* [What is required] Without including any image, retype the records word for word.

[Records drawn from a dataset]
----------------------------------------

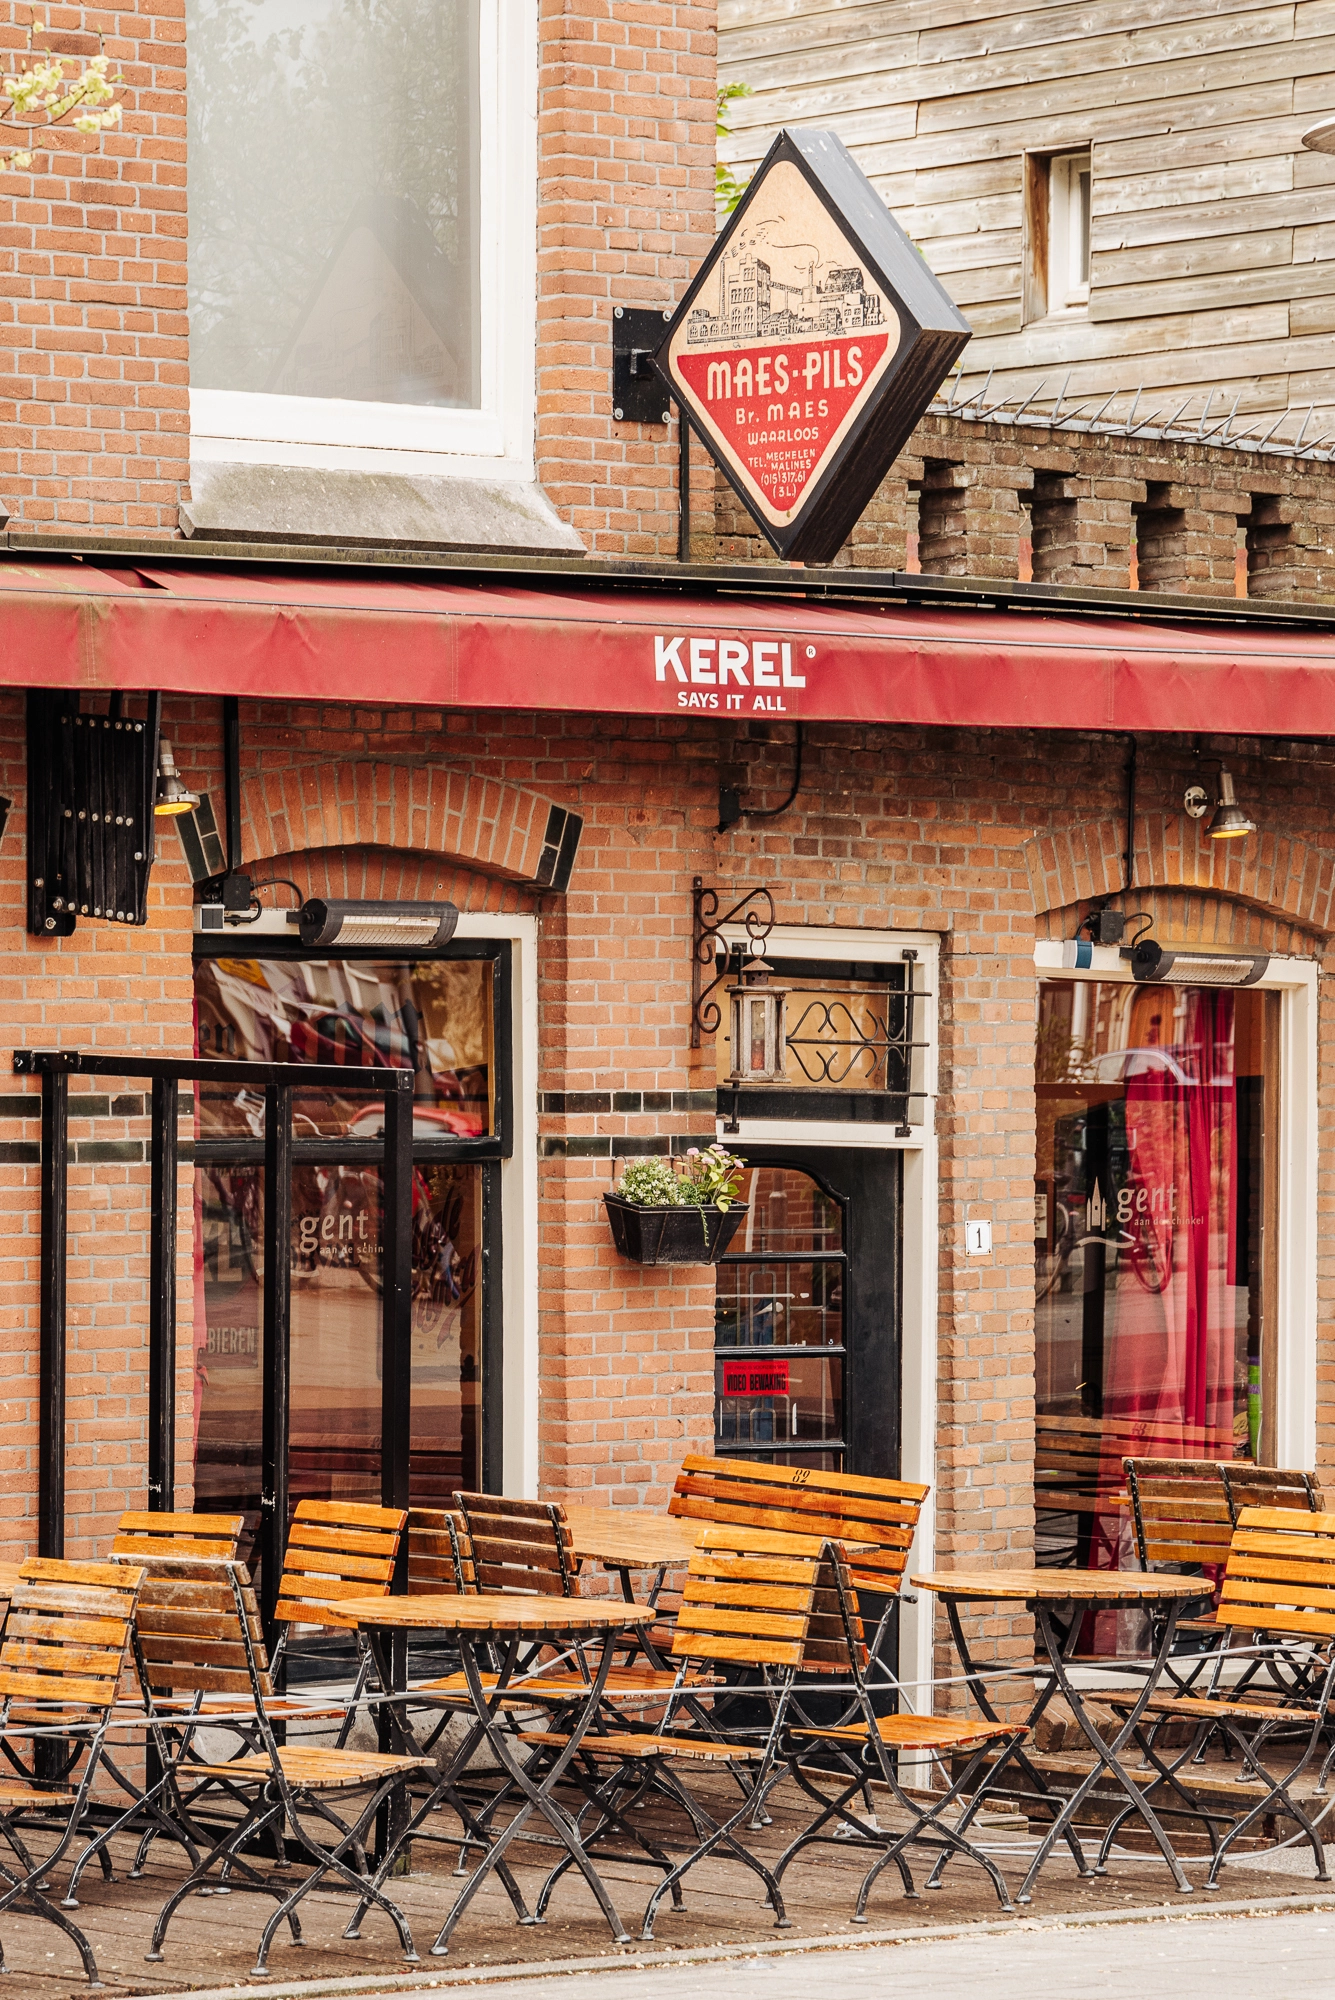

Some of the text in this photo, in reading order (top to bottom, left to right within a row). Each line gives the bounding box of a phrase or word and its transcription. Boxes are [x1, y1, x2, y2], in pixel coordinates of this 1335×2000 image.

[735, 399, 829, 425] Br. MAES
[747, 426, 819, 446] WAARLOOS
[747, 448, 816, 468] TEL. MECHELEN
[771, 458, 812, 471] MALINES
[677, 691, 787, 711] SAYS IT ALL
[1116, 1182, 1178, 1223] gent
[299, 1209, 369, 1253] gent
[976, 1227, 983, 1249] 1
[207, 1326, 256, 1354] BIEREN
[726, 1373, 786, 1392] VIDEO BEWAKING
[792, 1469, 811, 1484] 82
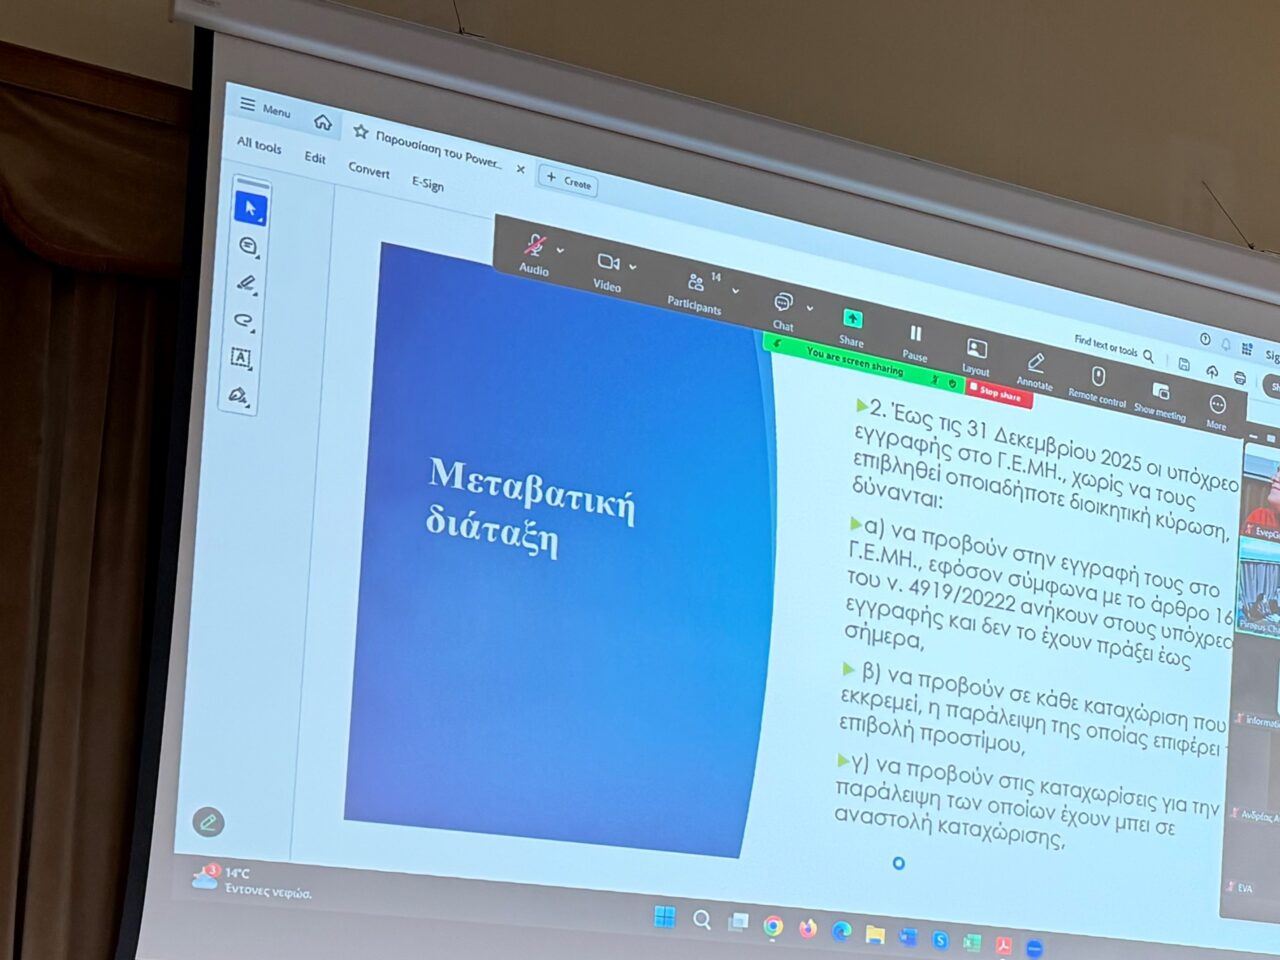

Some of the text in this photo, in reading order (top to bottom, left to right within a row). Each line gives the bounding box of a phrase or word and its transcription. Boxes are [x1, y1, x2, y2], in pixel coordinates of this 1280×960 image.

[263, 104, 290, 118] Menu
[237, 136, 282, 155] All tools
[376, 130, 441, 157] Παρουσίαση
[444, 148, 463, 160] του
[305, 151, 326, 165] Edit
[349, 162, 390, 179] Convert
[412, 175, 445, 193] E-Sign
[564, 176, 592, 190] Create
[519, 262, 550, 277] Audio
[711, 271, 721, 282] 14
[593, 278, 621, 293] Video
[667, 295, 721, 316] Participants
[773, 319, 794, 333] Chat
[839, 334, 864, 349] Share
[1075, 334, 1138, 357] Find text or tools
[807, 346, 904, 378] You are screen sharing
[903, 349, 928, 363] Pause
[962, 363, 990, 378] Layout
[980, 386, 1021, 402] Stop share
[1017, 376, 1053, 392] Annotate
[1069, 388, 1126, 409] Remote control
[1134, 403, 1186, 424] Show meeting
[1206, 419, 1227, 432] More
[870, 399, 887, 419] 2.
[891, 401, 933, 431] Έως
[939, 414, 962, 437] τις
[967, 419, 988, 439] 31
[994, 426, 1096, 463] Δεκεμβρίου
[1101, 448, 1142, 472] 2025
[1146, 462, 1163, 478] οι
[855, 425, 1197, 512] εγγραφής στο Γ.Ε.ΜΗ., χωρίς να τους
[428, 456, 635, 528] Μεταβατική
[852, 477, 944, 511] δύνανται:
[853, 452, 1231, 543] επιβληθεί οποιαδήποτε διοικητική κύρωση,
[425, 504, 559, 561] διάταξη
[864, 517, 1221, 600] α) να προβούν στην εγγραφή τους στο
[848, 540, 1233, 626] Γ.Ε.ΜΗ., εφόσον σύμφωνα με το άρθρο 16
[847, 569, 882, 588] του
[887, 576, 904, 593] ν.
[908, 579, 1016, 614] 4919/20222
[1020, 599, 1098, 626] ανήκουν
[1103, 617, 1157, 640] στους
[844, 625, 925, 652] σήμερα,
[845, 597, 1192, 672] εγγραφής και δεν το έχουν πράξει έως
[862, 660, 1227, 734] β) να προβούν σε κάθε καταχώριση που
[841, 688, 1221, 758] εκκρεμεί, η παράλειψη της οποίας επιφέρει
[839, 715, 1026, 757] επιβολή προστίμου,
[851, 752, 1220, 818] γ) να προβούν στις καταχωρίσεις για την
[836, 778, 1175, 837] παράλειψη των οποίων έχουν μπει σε
[834, 804, 1065, 851] αναστολή καταχώρισης,
[225, 867, 250, 879] 14°C
[225, 882, 270, 898] Έντονες
[1238, 884, 1253, 893] EVA
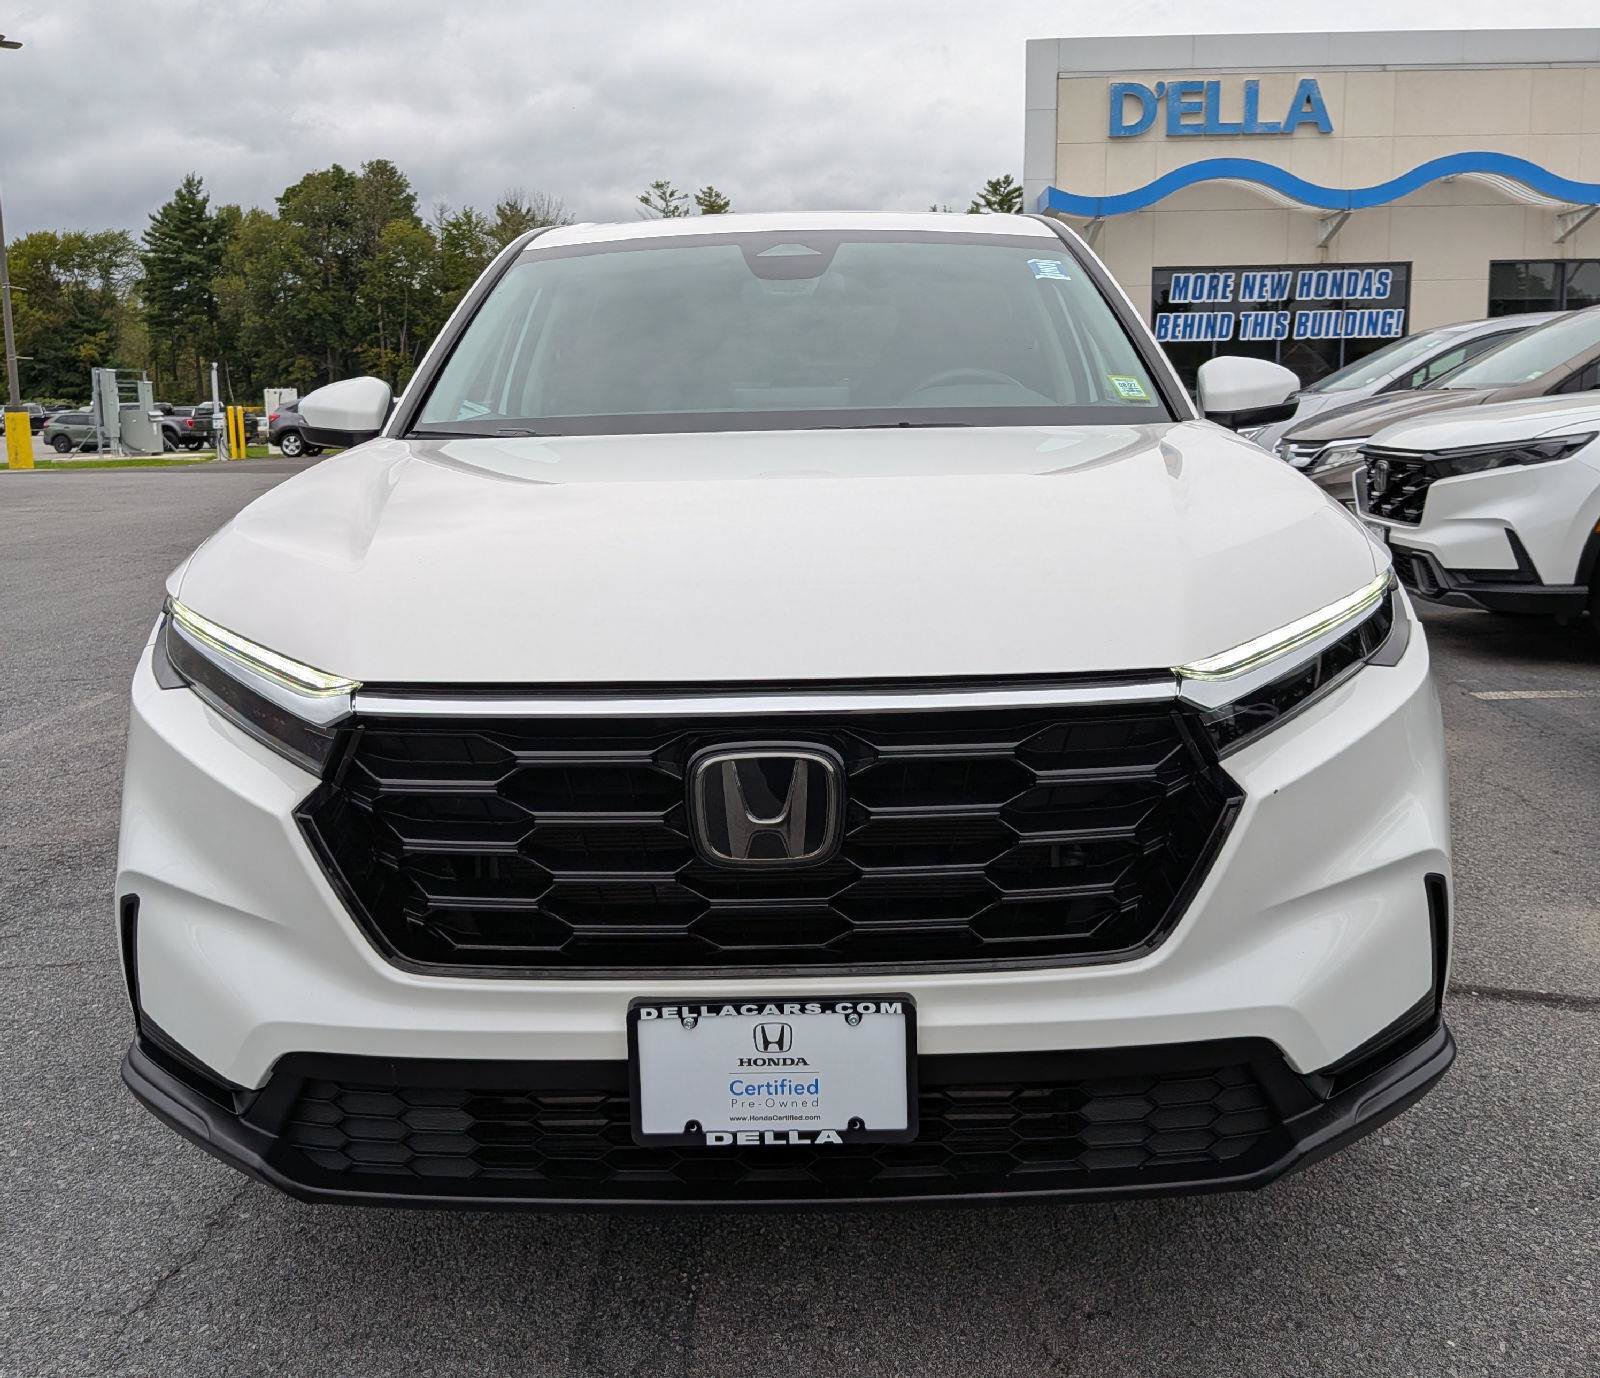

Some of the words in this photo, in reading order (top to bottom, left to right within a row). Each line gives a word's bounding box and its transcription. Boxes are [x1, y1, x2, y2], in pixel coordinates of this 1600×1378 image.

----------------------------------------

* [Solution to this exercise]
Some of the text in this photo, in reading order (top to bottom, left to right within a row). Each line gives the bounding box of a phrase or word and its transcription. Boxes are [x1, y1, x2, y2], in pixel coordinates of this 1335×2000 image.

[735, 399, 829, 425] Br. MAES
[747, 426, 819, 446] WAARLOOS
[747, 448, 816, 468] TEL. MECHELEN
[771, 458, 812, 471] MALINES
[677, 691, 787, 711] SAYS IT ALL
[1116, 1182, 1178, 1223] gent
[299, 1209, 369, 1253] gent
[976, 1227, 983, 1249] 1
[207, 1326, 256, 1354] BIEREN
[726, 1373, 786, 1392] VIDEO BEWAKING
[792, 1469, 811, 1484] 82

Some of the text in this photo, in reading order (top to bottom, left to right within a row). Each line gives the bounding box of a phrase or word and its transcription. Boxes are [x1, y1, x2, y2], in pixel coordinates of this 1280×960 image.

[263, 104, 290, 118] Menu
[237, 136, 282, 155] All tools
[376, 130, 441, 157] Παρουσίαση
[444, 148, 463, 160] του
[305, 151, 326, 165] Edit
[349, 162, 390, 179] Convert
[412, 175, 445, 193] E-Sign
[564, 176, 592, 190] Create
[519, 262, 550, 277] Audio
[711, 271, 721, 282] 14
[593, 278, 621, 293] Video
[667, 295, 721, 316] Participants
[773, 319, 794, 333] Chat
[839, 334, 864, 349] Share
[1075, 334, 1138, 357] Find text or tools
[807, 346, 904, 378] You are screen sharing
[903, 349, 928, 363] Pause
[962, 363, 990, 378] Layout
[980, 386, 1021, 402] Stop share
[1017, 376, 1053, 392] Annotate
[1069, 388, 1126, 409] Remote control
[1134, 403, 1186, 424] Show meeting
[1206, 419, 1227, 432] More
[870, 399, 887, 419] 2.
[891, 401, 933, 431] Έως
[939, 414, 962, 437] τις
[967, 419, 988, 439] 31
[994, 426, 1096, 463] Δεκεμβρίου
[1101, 448, 1142, 472] 2025
[1146, 462, 1163, 478] οι
[855, 425, 1197, 512] εγγραφής στο Γ.Ε.ΜΗ., χωρίς να τους
[428, 456, 635, 528] Μεταβατική
[852, 477, 944, 511] δύνανται:
[853, 452, 1231, 543] επιβληθεί οποιαδήποτε διοικητική κύρωση,
[425, 504, 559, 561] διάταξη
[864, 517, 1221, 600] α) να προβούν στην εγγραφή τους στο
[848, 540, 1233, 626] Γ.Ε.ΜΗ., εφόσον σύμφωνα με το άρθρο 16
[847, 569, 882, 588] του
[887, 576, 904, 593] ν.
[908, 579, 1016, 614] 4919/20222
[1020, 599, 1098, 626] ανήκουν
[1103, 617, 1157, 640] στους
[844, 625, 925, 652] σήμερα,
[845, 597, 1192, 672] εγγραφής και δεν το έχουν πράξει έως
[862, 660, 1227, 734] β) να προβούν σε κάθε καταχώριση που
[841, 688, 1221, 758] εκκρεμεί, η παράλειψη της οποίας επιφέρει
[839, 715, 1026, 757] επιβολή προστίμου,
[851, 752, 1220, 818] γ) να προβούν στις καταχωρίσεις για την
[836, 778, 1175, 837] παράλειψη των οποίων έχουν μπει σε
[834, 804, 1065, 851] αναστολή καταχώρισης,
[225, 867, 250, 879] 14°C
[225, 882, 270, 898] Έντονες
[1238, 884, 1253, 893] EVA

Some of the words in this photo, in reading order (top to bottom, left to right within a row). Each line gives a word's bounding box and its transcription. Boxes are [x1, y1, x2, y2], in pixel coordinates of this 1600×1378 image.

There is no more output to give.